A tradição natalina diz que o Papai Noel chega à casa de cada um de nós para nos trazer presentes. Ele traz consigo um saco grande, onde guarda de tudo e tudo cabe. No Brasil, no entanto, as coisas nem sempre seguem a lógica e o bom velhinho parece ter preferido reabastecer sua sacola pelo país. Vai embora daqui levando consigo 11 encomendas do Estaleiro Atlântico Sul, em Pernambuco. A decisão não foi tomada no Pólo Norte, mas no Rio de Janeiro, endereço da Transpetro.
O cancelamento representa metade do contrato assinado entre as partes, orçado em um total de US$ 3,4 bilhões. Sete embarcações já foram entregues, sobrando apenas quatro para serem finalizadas. O estaleiro fica no Complexo Portuário do Suape, mesmo local do Estaleiro Vard, que também teve canceladas as encomendas de dois navios gaseiros.
Os cancelamentos da estatal podem ser a pá de cal que faltava sob a indústria naval brasileira. Estamos cada vez mais próximos de reeditar os anos 80, quando o país se tornou um expoente no setor naval e deixamos passar a possibilidade de criar um segmento robusto nacional e internacionalmente.
Os efeitos na economia são grandes, mas há de se pensar nos quase oito mil trabalhadores do Estaleiro Atlântico Sul que terão um final de ano mais apertado do que o comum. O exercício de mentalizar coisas boas para o ano seguinte será mais difícil, já que as perspectivas não são de melhora em um curto prazo. Demissões no Estaleiro Vard já estão praticamente certas para o próximo ano.

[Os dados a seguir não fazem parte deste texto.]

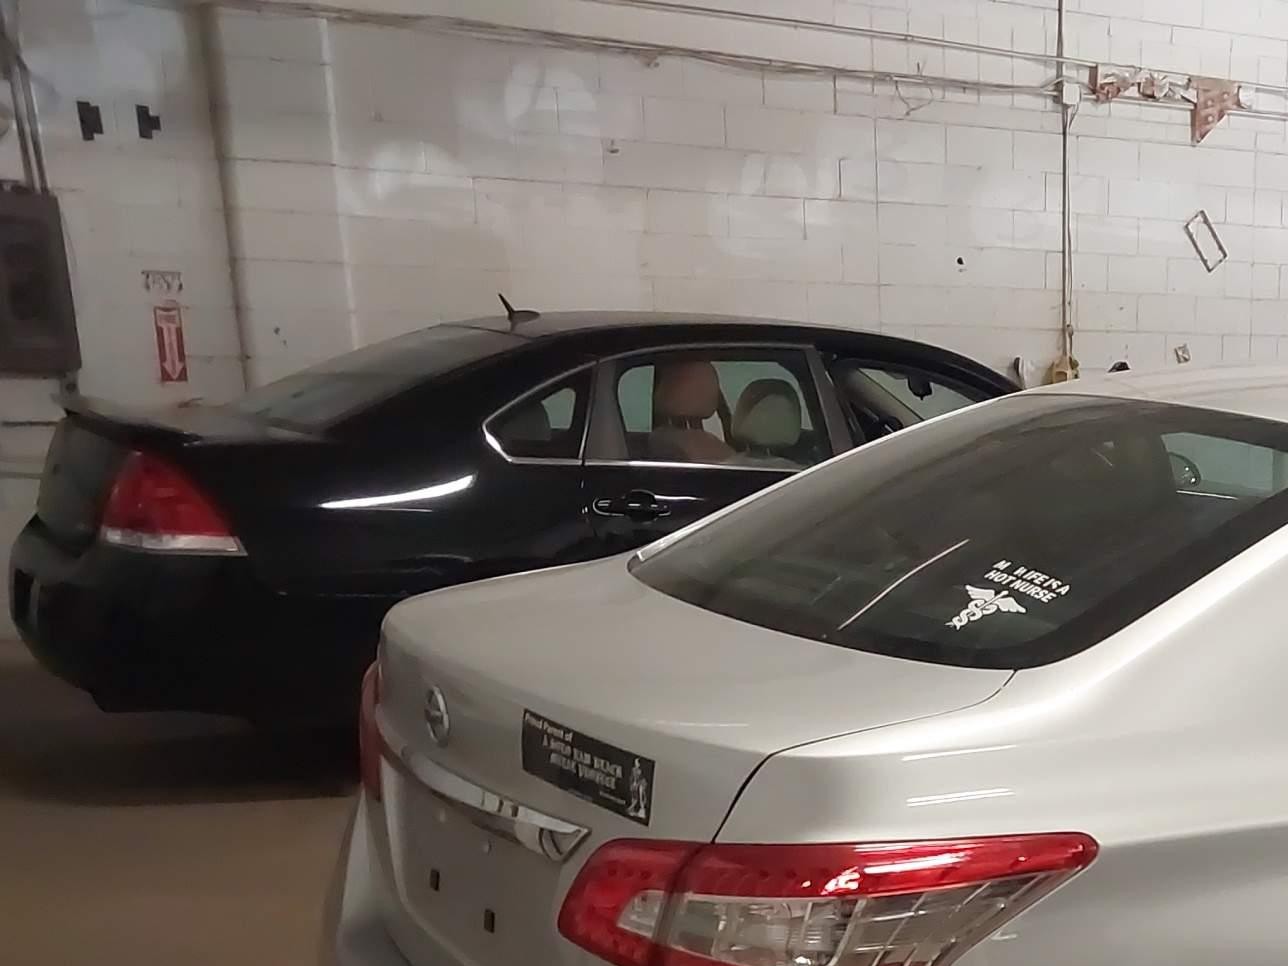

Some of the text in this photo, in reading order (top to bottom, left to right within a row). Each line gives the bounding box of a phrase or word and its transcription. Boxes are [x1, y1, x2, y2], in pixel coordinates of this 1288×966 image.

[984, 570, 1057, 603] HOT NURSE
[1055, 585, 1070, 595] A
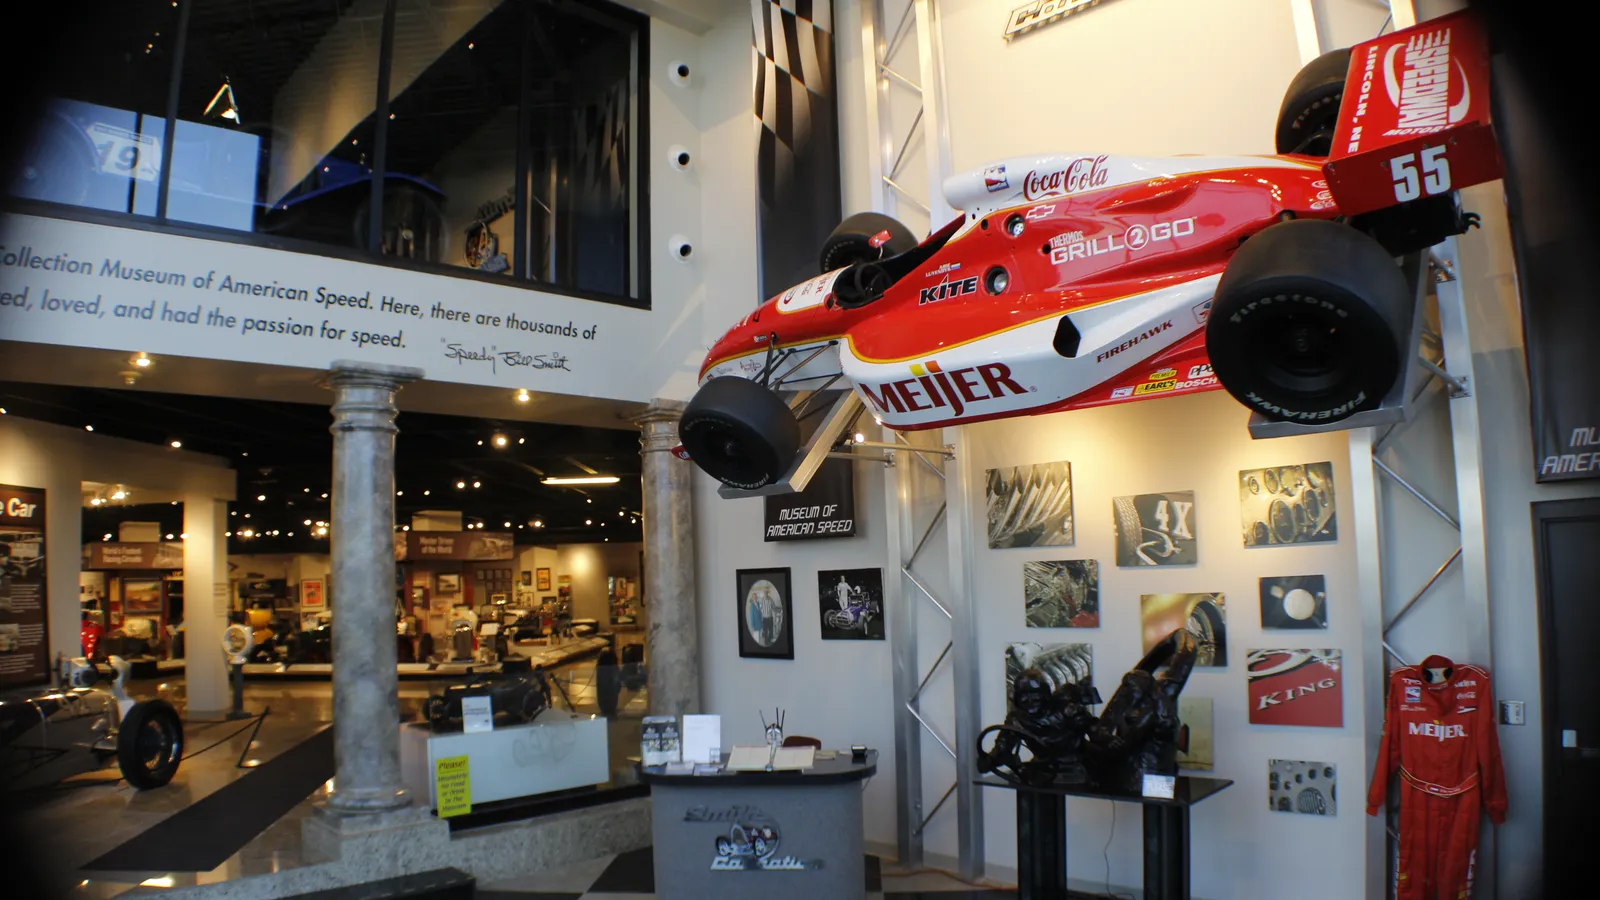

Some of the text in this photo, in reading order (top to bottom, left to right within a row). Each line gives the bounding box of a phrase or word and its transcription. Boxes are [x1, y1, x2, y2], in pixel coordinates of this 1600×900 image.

[1348, 45, 1379, 154] LINCOLN, NE
[1398, 43, 1449, 128] SPEEDWAY
[1023, 155, 1109, 202] Coca-Cola
[1390, 144, 1451, 202] 55
[1049, 230, 1085, 248] THERMOS
[99, 258, 186, 287] Museum
[192, 270, 216, 290] of
[218, 275, 308, 302] American
[314, 286, 373, 310] Speed.
[380, 295, 424, 320] Here,
[431, 302, 471, 323] there
[475, 313, 501, 327] are
[506, 312, 578, 338] thousands
[582, 324, 597, 340] of
[918, 274, 979, 305] KITE
[40, 289, 106, 319] loved,
[113, 300, 156, 320] and
[160, 301, 202, 325] had
[206, 307, 237, 328] the
[241, 317, 314, 337] passion
[319, 320, 346, 341] for
[350, 329, 406, 349] speed.
[1229, 293, 1348, 324] Firestone
[1096, 319, 1174, 364] FIREHAWK
[858, 360, 1029, 417] MEIJER
[1144, 379, 1175, 390] EARL'S
[1174, 376, 1218, 389] BOSCH
[1245, 390, 1366, 419] FIREHAWK
[8, 497, 37, 518] Car
[779, 504, 837, 521] MUSEUM OF
[766, 519, 852, 537] AMERICAN SPEED
[1257, 678, 1337, 710] KING
[1408, 720, 1465, 742] MEIJER

De acordo com o Sindicato Nacional da Indústria de Construção e Reparação Naval (Sinaval), o ano de 2015 teve cerca de 20 mil pessoas do setor naval perdendo seus postos, sem contabilizar as recentes demissões nos estaleiros Eisa e Brasfels, ambos no Rio de Janeiro.
O provável destino das embarcações todos já sabem: a China. Talvez os chineses tenham se comportado melhor durante o ano que os brasileiros.